**** Data records
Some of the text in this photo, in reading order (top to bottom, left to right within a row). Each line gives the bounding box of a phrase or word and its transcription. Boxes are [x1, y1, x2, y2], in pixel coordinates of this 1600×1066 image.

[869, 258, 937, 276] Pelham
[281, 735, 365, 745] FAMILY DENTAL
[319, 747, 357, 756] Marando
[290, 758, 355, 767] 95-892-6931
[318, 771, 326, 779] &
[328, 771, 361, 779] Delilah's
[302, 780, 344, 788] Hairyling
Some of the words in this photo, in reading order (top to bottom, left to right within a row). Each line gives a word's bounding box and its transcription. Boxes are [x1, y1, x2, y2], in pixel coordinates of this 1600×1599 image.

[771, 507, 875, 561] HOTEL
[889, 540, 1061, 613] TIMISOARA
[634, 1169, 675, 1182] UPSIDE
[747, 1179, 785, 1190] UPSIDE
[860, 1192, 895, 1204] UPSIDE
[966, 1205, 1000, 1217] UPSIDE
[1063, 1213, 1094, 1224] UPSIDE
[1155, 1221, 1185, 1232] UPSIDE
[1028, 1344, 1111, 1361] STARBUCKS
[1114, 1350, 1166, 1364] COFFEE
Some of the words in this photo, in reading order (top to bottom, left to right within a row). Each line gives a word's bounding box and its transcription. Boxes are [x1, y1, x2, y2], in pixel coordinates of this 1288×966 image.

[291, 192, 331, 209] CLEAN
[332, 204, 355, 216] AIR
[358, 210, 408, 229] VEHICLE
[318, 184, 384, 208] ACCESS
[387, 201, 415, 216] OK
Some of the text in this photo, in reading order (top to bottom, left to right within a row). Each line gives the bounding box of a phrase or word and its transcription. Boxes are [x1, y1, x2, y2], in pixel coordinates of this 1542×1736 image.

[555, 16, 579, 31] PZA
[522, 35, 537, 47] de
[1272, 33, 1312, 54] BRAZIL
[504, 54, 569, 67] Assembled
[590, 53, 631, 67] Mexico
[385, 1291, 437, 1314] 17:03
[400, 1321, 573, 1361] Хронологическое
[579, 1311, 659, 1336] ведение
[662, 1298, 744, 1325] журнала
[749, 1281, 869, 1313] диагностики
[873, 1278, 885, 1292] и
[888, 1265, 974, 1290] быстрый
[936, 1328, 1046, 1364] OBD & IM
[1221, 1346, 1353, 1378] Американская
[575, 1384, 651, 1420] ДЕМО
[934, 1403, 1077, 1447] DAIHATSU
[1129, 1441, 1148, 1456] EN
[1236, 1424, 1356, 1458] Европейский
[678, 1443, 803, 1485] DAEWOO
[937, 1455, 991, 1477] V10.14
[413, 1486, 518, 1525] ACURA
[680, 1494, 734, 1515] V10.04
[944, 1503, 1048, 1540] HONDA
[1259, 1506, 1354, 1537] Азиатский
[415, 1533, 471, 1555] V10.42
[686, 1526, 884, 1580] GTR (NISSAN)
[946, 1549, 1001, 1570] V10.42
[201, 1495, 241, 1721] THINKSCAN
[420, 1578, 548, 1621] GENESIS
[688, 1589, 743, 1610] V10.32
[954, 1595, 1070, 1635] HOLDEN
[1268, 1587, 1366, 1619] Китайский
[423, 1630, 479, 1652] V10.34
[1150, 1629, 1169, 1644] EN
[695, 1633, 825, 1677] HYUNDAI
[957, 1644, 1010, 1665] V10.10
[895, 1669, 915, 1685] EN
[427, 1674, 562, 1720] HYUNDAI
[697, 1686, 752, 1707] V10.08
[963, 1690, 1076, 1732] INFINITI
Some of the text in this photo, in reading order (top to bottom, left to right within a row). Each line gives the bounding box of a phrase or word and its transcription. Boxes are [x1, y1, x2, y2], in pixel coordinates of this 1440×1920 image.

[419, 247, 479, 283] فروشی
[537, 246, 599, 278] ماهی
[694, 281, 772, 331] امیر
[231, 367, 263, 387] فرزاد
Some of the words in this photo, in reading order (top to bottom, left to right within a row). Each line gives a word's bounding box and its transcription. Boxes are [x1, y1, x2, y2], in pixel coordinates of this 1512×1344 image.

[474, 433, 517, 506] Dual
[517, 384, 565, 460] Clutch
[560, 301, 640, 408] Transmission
********
Everything in the records should be written out again exactly.

__Your response__.
Some of the text in this photo, in reading order (top to bottom, left to right within a row). Each line gives the bounding box of a phrase or word and its transcription. Boxes are [x1, y1, x2, y2], in pixel coordinates of this 1600×1066 image.

[869, 258, 937, 276] Pelham
[281, 735, 365, 745] FAMILY DENTAL
[319, 747, 357, 756] Marando
[290, 758, 355, 767] 95-892-6931
[318, 771, 326, 779] &
[328, 771, 361, 779] Delilah's
[302, 780, 344, 788] Hairyling
Some of the words in this photo, in reading order (top to bottom, left to right within a row). Each line gives a word's bounding box and its transcription. Boxes are [x1, y1, x2, y2], in pixel coordinates of this 1600×1599 image.

[771, 507, 875, 561] HOTEL
[889, 540, 1061, 613] TIMISOARA
[634, 1169, 675, 1182] UPSIDE
[747, 1179, 785, 1190] UPSIDE
[860, 1192, 895, 1204] UPSIDE
[966, 1205, 1000, 1217] UPSIDE
[1063, 1213, 1094, 1224] UPSIDE
[1155, 1221, 1185, 1232] UPSIDE
[1028, 1344, 1111, 1361] STARBUCKS
[1114, 1350, 1166, 1364] COFFEE
Some of the words in this photo, in reading order (top to bottom, left to right within a row). Each line gives a word's bounding box and its transcription. Boxes are [x1, y1, x2, y2], in pixel coordinates of this 1288×966 image.

[291, 192, 331, 209] CLEAN
[332, 204, 355, 216] AIR
[358, 210, 408, 229] VEHICLE
[318, 184, 384, 208] ACCESS
[387, 201, 415, 216] OK
Some of the text in this photo, in reading order (top to bottom, left to right within a row). Each line gives the bounding box of a phrase or word and its transcription. Boxes are [x1, y1, x2, y2], in pixel coordinates of this 1542×1736 image.

[555, 16, 579, 31] PZA
[522, 35, 537, 47] de
[1272, 33, 1312, 54] BRAZIL
[504, 54, 569, 67] Assembled
[590, 53, 631, 67] Mexico
[385, 1291, 437, 1314] 17:03
[400, 1321, 573, 1361] Хронологическое
[579, 1311, 659, 1336] ведение
[662, 1298, 744, 1325] журнала
[749, 1281, 869, 1313] диагностики
[873, 1278, 885, 1292] и
[888, 1265, 974, 1290] быстрый
[936, 1328, 1046, 1364] OBD & IM
[1221, 1346, 1353, 1378] Американская
[575, 1384, 651, 1420] ДЕМО
[934, 1403, 1077, 1447] DAIHATSU
[1129, 1441, 1148, 1456] EN
[1236, 1424, 1356, 1458] Европейский
[678, 1443, 803, 1485] DAEWOO
[937, 1455, 991, 1477] V10.14
[413, 1486, 518, 1525] ACURA
[680, 1494, 734, 1515] V10.04
[944, 1503, 1048, 1540] HONDA
[1259, 1506, 1354, 1537] Азиатский
[415, 1533, 471, 1555] V10.42
[686, 1526, 884, 1580] GTR (NISSAN)
[946, 1549, 1001, 1570] V10.42
[201, 1495, 241, 1721] THINKSCAN
[420, 1578, 548, 1621] GENESIS
[688, 1589, 743, 1610] V10.32
[954, 1595, 1070, 1635] HOLDEN
[1268, 1587, 1366, 1619] Китайский
[423, 1630, 479, 1652] V10.34
[1150, 1629, 1169, 1644] EN
[695, 1633, 825, 1677] HYUNDAI
[957, 1644, 1010, 1665] V10.10
[895, 1669, 915, 1685] EN
[427, 1674, 562, 1720] HYUNDAI
[697, 1686, 752, 1707] V10.08
[963, 1690, 1076, 1732] INFINITI
Some of the text in this photo, in reading order (top to bottom, left to right within a row). Each line gives the bounding box of a phrase or word and its transcription. Boxes are [x1, y1, x2, y2], in pixel coordinates of this 1440×1920 image.

[419, 247, 479, 283] فروشی
[537, 246, 599, 278] ماهی
[694, 281, 772, 331] امیر
[231, 367, 263, 387] فرزاد
Some of the words in this photo, in reading order (top to bottom, left to right within a row). Each line gives a word's bounding box and its transcription. Boxes are [x1, y1, x2, y2], in pixel coordinates of this 1512×1344 image.

[474, 433, 517, 506] Dual
[517, 384, 565, 460] Clutch
[560, 301, 640, 408] Transmission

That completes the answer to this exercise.